Выбранные жертвы слегка отшатнулись. Но вьетнамцы применили свой излюбленный прием — ткнули вниз два ствола и передернули затворы.

— Один хрен… Все там встретимся, — безнадежно махнул рукой русский и шагнул на первую ступень лестницы.

Следом за ним полез американец.

Решетку захлопнули. Но лестницу не подняли. Эта оставленная на месте лестница настораживала не меньше, чем поставленная на площади дыба, чем гильотина с задранным вверх ножом. Если лестница осталась на месте, значит, та ушедшая пара — не последняя. Значит, за ней последует другая…

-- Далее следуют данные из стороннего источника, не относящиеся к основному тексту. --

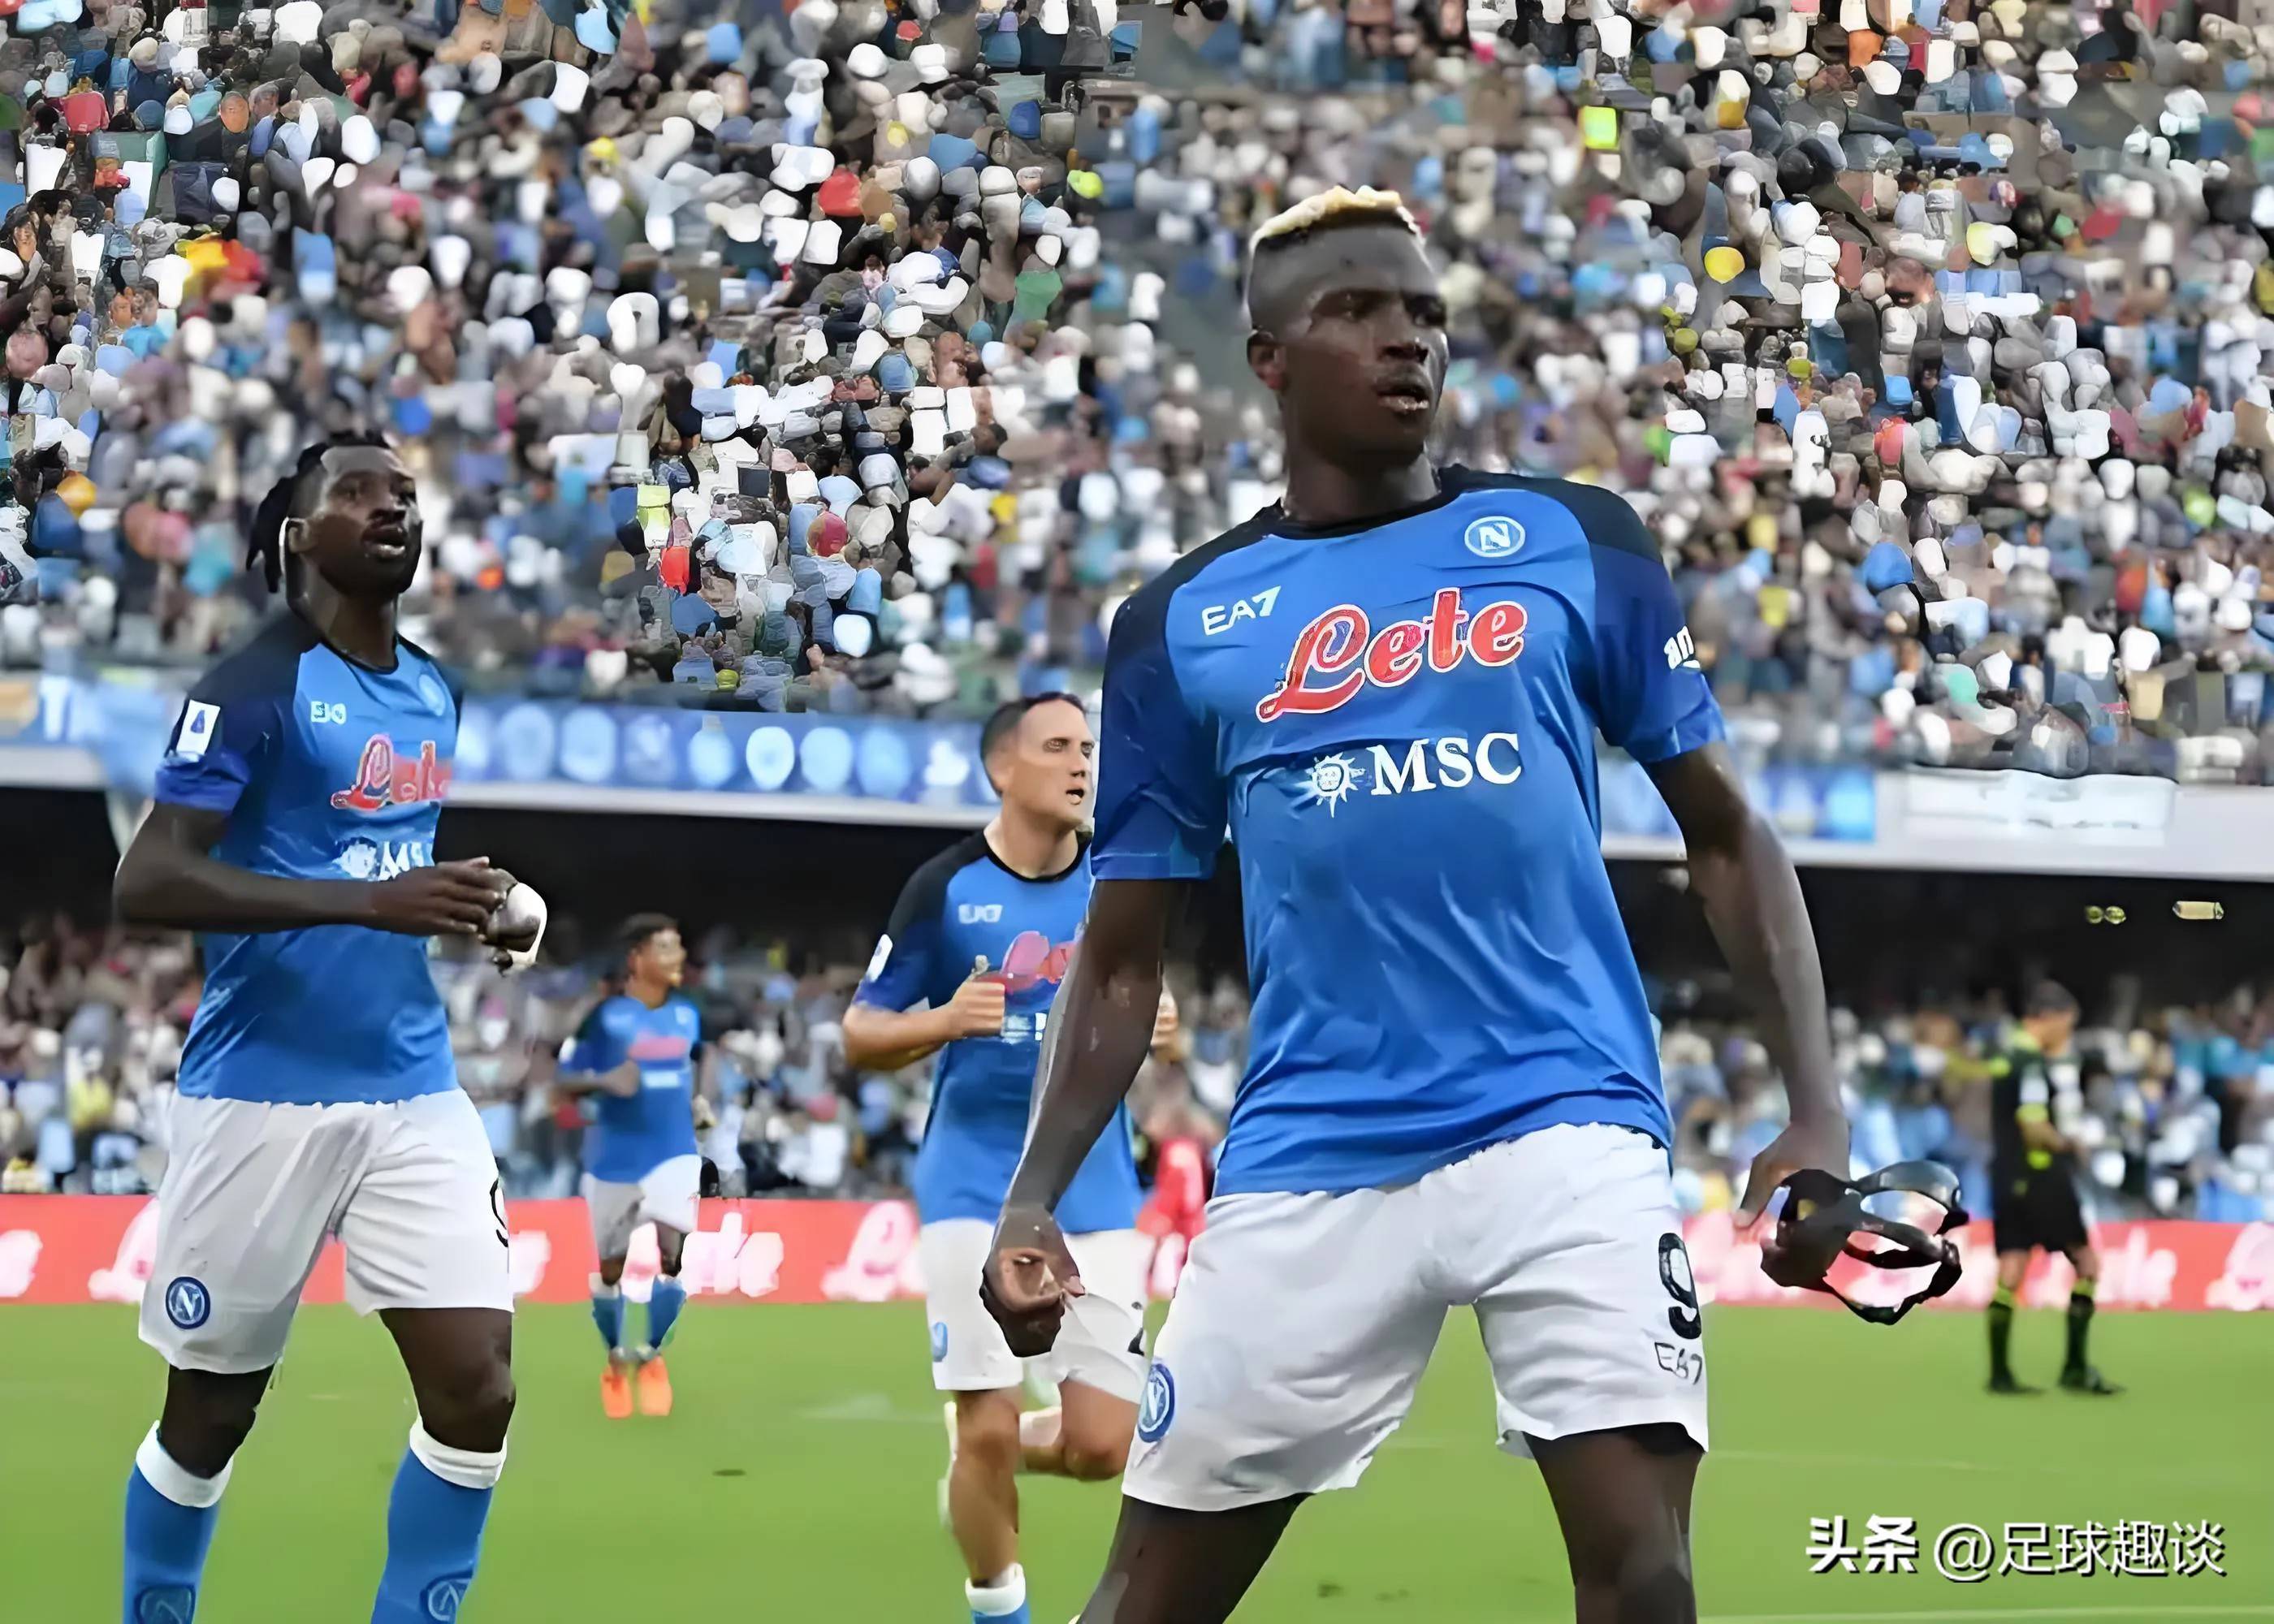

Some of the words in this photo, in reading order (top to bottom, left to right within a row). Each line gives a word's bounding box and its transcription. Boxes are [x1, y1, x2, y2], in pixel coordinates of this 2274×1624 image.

[1201, 585, 1282, 637] EA7
[1255, 586, 1528, 723] Lete
[1365, 732, 1522, 796] MSC
[1658, 1232, 1702, 1340] 9

Узники напряженно прислушивались к доносящимся с «улицы» звукам. Пытались понять по ним, что там, наверху, происходит. В какофонии достигающих дна ямы десятков различных шумов они пытались уловить самые главные — далекие крики своих товарищей. Или выстрелы. Или что-то еще, что позволило бы догадаться об их дальнейшей участи…

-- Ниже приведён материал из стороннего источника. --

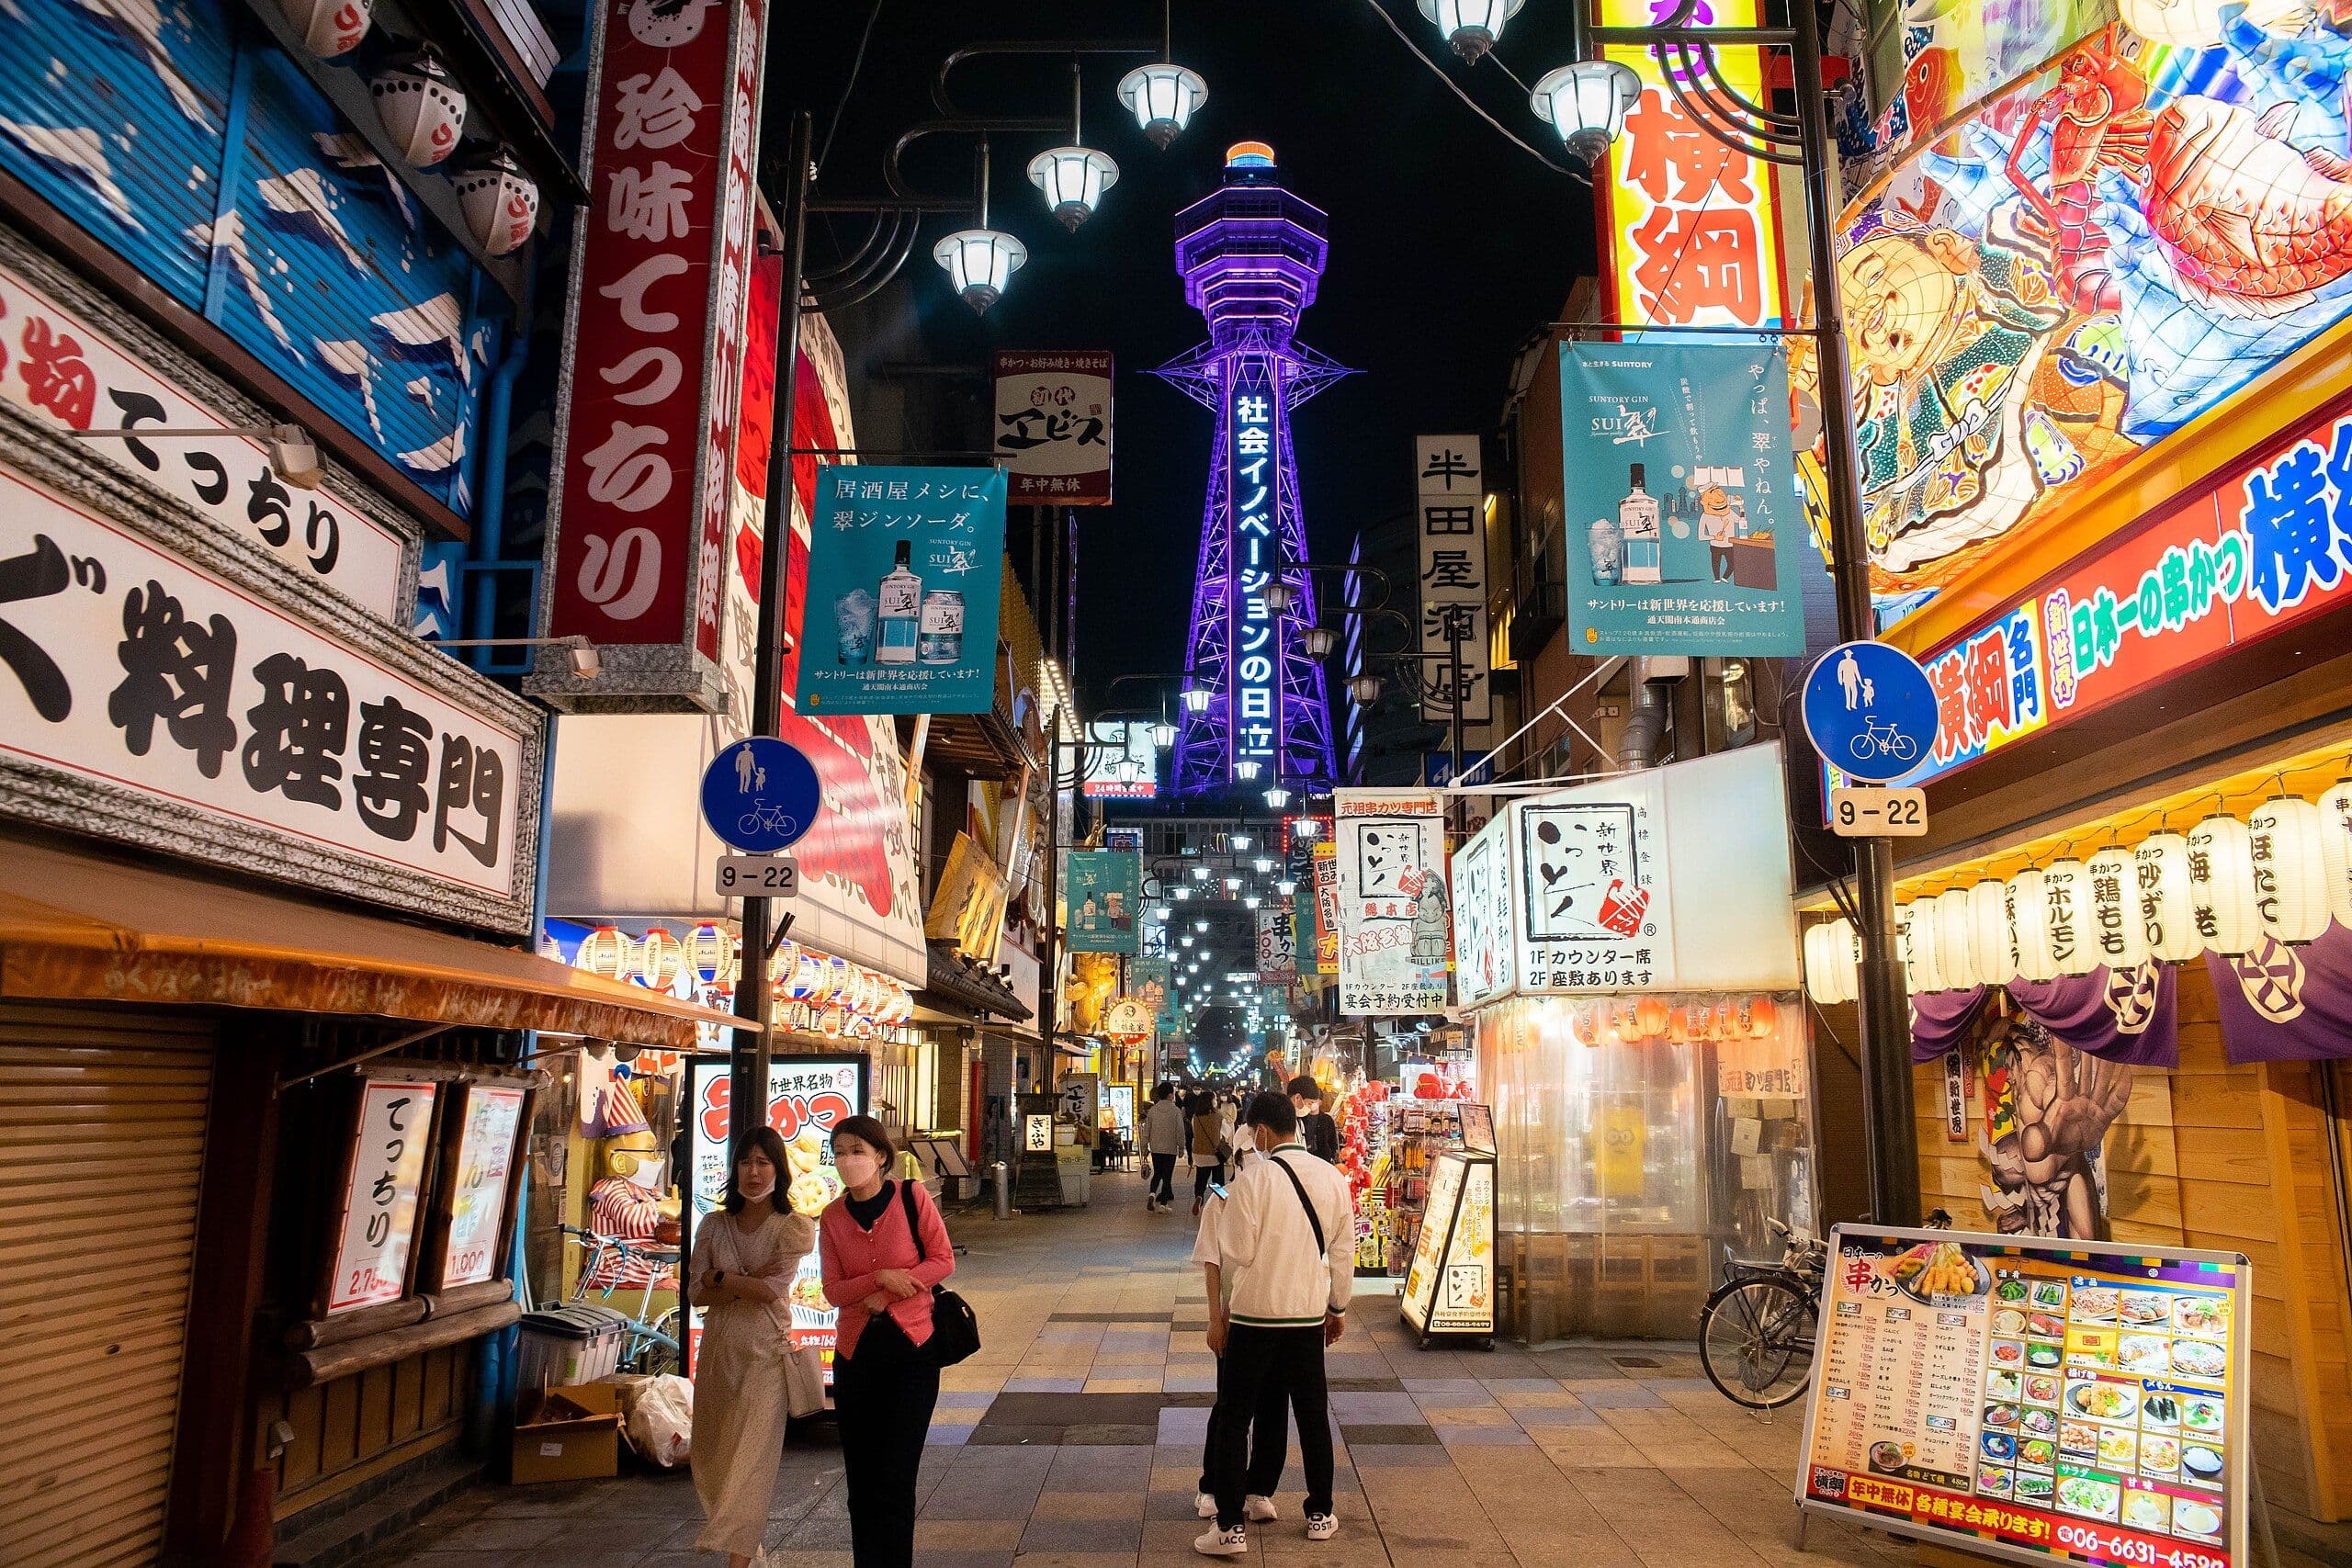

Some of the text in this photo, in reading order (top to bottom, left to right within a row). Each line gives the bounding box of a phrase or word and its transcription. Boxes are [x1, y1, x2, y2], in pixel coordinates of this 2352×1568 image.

[1625, 88, 1761, 326] 横綱
[576, 65, 703, 621] 珍味てっちり
[1589, 396, 1628, 404] SUNTORY
[997, 408, 1106, 449] エビス
[1591, 418, 1622, 432] SUI
[107, 386, 340, 575] てっちり
[835, 480, 989, 502] 居酒屋メシに、
[1020, 478, 1080, 492] 年中無休
[832, 511, 974, 533] 翠ジンソーダ。
[929, 554, 951, 564] SUI
[1238, 396, 1273, 756] 社会イノベーションの日立
[1587, 599, 1785, 613] サントリーは新世界を応援しています!
[2072, 536, 2244, 672] 日本一の串かつ
[2048, 593, 2074, 704] 新世界
[814, 669, 979, 681] サントリーは新世界を応援しています!
[2008, 619, 2038, 724] 名門
[1341, 802, 1438, 815] 元祖串カツ専門店
[1637, 807, 1653, 886] 商標登録
[2189, 852, 2218, 938] 海老
[2251, 835, 2278, 924] ほたて
[1320, 887, 1335, 929] 大阪名物
[1365, 902, 1418, 917] 総本店
[2044, 874, 2075, 962] 串かつ ホルモン
[2090, 862, 2125, 954] 串かつ 鶏もも
[2138, 863, 2164, 946] 砂ずり
[1272, 912, 1295, 964] 串かつ
[1344, 924, 1413, 957] 大阪名物
[1530, 948, 1652, 964] 1F カウンター席
[1530, 970, 1653, 987] 2F 座敷あります
[1345, 993, 1443, 1009] 宴会予約受付中
[1032, 1117, 1045, 1148] ぎふや
[368, 1097, 411, 1248] てっちり
[1843, 1247, 1883, 1260] 日本一の
[1845, 1258, 1899, 1297] 串かつ
[2062, 1465, 2090, 1477] サラダ
[2128, 1477, 2154, 1492] 甘味
[1851, 1479, 1910, 1507] 年中無休
[1917, 1494, 2051, 1539] 各種宴会承ります!

Но не слышали ничего. Совершенно ничего!

Наверху затараторили голоса. Звякнул засов. И решетка снова поднялась.

— Ты и ты! — показали вьетнамцы.

И снова один русский и один американец.

— Ну все, ребята… Не поминайте лихом…

Решетка захлопнулась.

— Что же они делают? Сволочи!

— Узнаем. Скоро узнаем. Все узнаем…

— Ты и ты…

Как на хорошо отлаженном конвейере.

— Ты и ты…

— Прощайте, пацаны. Если что…

— Ты и ты…

Капитан Кузнецов попал в шестую пару. Он взялся за перекладину лестницы и полез наверх. Как на эшафот. Сзади сопел американец. Обидно, что американец. Со своими принимать муки было бы легче ..

— Стоять здесь! — толкнули в бок прикладом часовые. Встали.

— Пошли! — толкнули еще раз. Пошли.. До калитки в проволочном заборе. Через калитку. За ближайшую хижину .. Что-то будет за ней.

— Сесть! — еще один удар прикладом в позвоночник, чтоб лучше понимать чужой язык.

Умеют вьетнамцы обучать чужеземцев своему труднопроизносимому наречию! Что умеют — то умеют! Уже три слова навсегда вбили (в чем и суть оригинальной обучающей языковой методики) в память. «Стоять», «пошли» и «сесть». За три минуты! А на языковых курсах месяцами новые слова зубрят. Им бы у этих… передовым технологиям поучиться…

Со стороны хижины послышались деревянные звуки. И на порог вынесли две толстые деревянные доски. С полукруглыми отверстиями. Доски-то зачем? С дырками. Как в дощатом общественном сортире…

Мать честная! Это же колодки! Такие очень древние наручники. Которые можно увидеть в музеях инквизиции или на картинках в учебнике по истории средних веков! Это что, у них средние века еще, что ли? С нетипичными вкраплениями автоматического стрелкового вооружения второй половины двадцатого века.

Колодки подтащили к пленникам и бросили на землю.

— Берите их с собой. И пошли дальше, — новая серия способствующих усвоению инородных слов ударов.

Пленники подняли колодки и пошли. И даже чуть веселей пошли, чем раньше. И даже приободрились. Раз будут сажать в колодки, значит, не все так страшно. Значит, сразу не убьют…

Но уже через час узники думали по-другому.

Лучше бы убили. Чтобы не мучиться.

— Сюда! — показал конвой на расположенный невдалеке навес

Под навесом сидели ранее уведенные из ямы пленники. Сидели в колодках Попарно. В том же порядке, как их уводили.